▸ **Problem statement**
Every entry in the data is to be written out exactly; no picture belongs in the copy.

▸ **Input material**
[Start of Attachment]
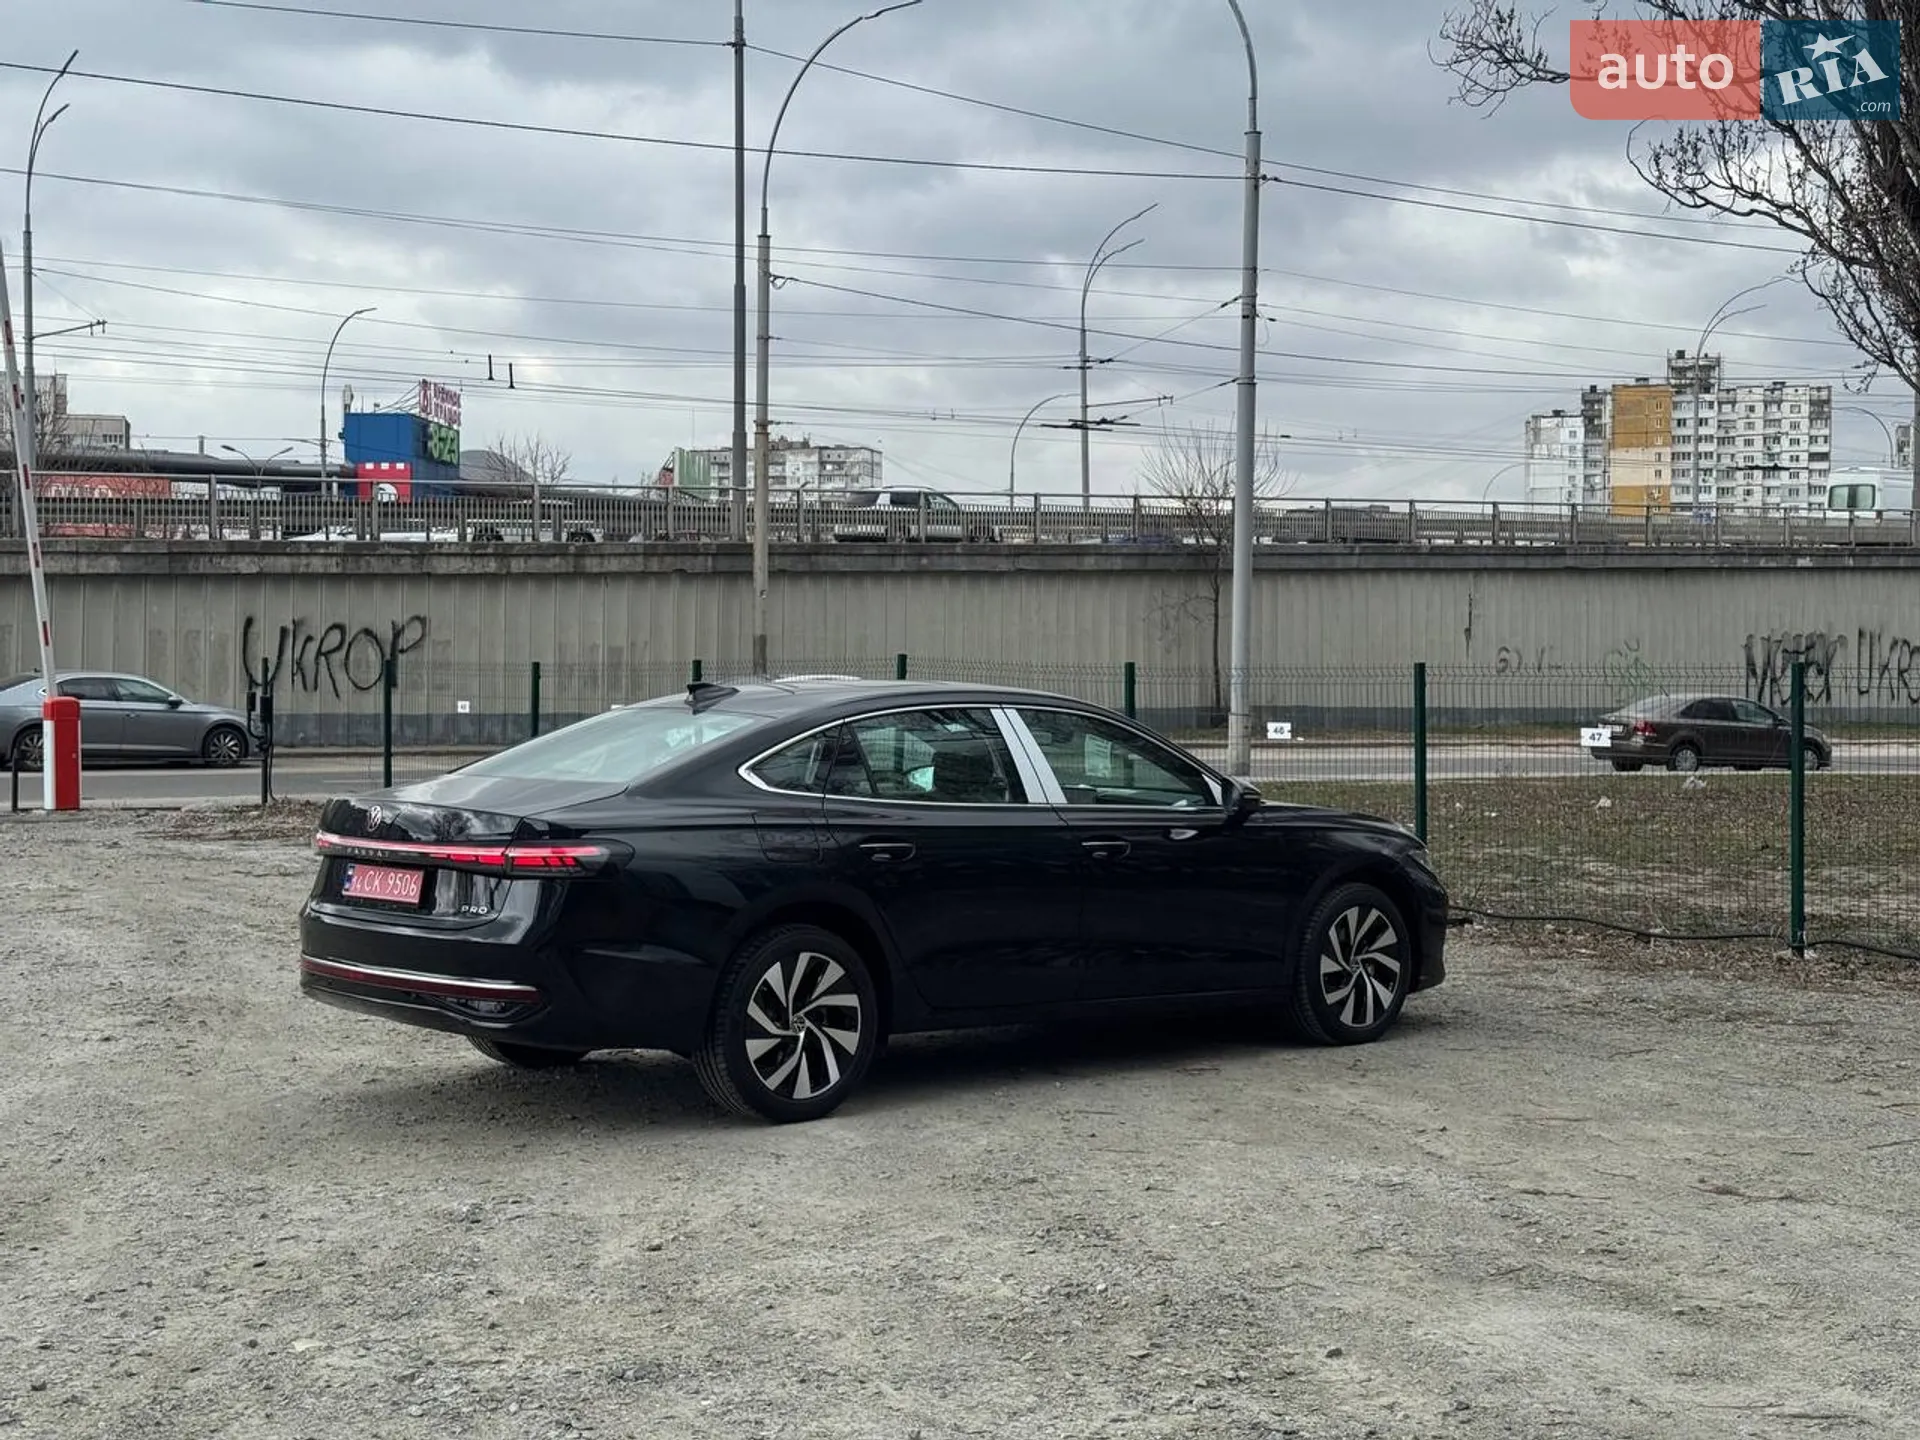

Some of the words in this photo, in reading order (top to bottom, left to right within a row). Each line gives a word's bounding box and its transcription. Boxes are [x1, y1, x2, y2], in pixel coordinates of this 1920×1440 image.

[243, 616, 427, 699] UKROP
[1588, 732, 1603, 742] 47
[385, 872, 419, 896] 9506
[460, 904, 488, 915] PRO
[End of Attachment]
▸ **Task solution**
Some of the words in this photo, in reading order (top to bottom, left to right within a row). Each line gives a word's bounding box and its transcription. Boxes are [x1, y1, x2, y2], in pixel coordinates of this 1920×1440 image.

[243, 616, 427, 699] UKROP
[1588, 732, 1603, 742] 47
[385, 872, 419, 896] 9506
[460, 904, 488, 915] PRO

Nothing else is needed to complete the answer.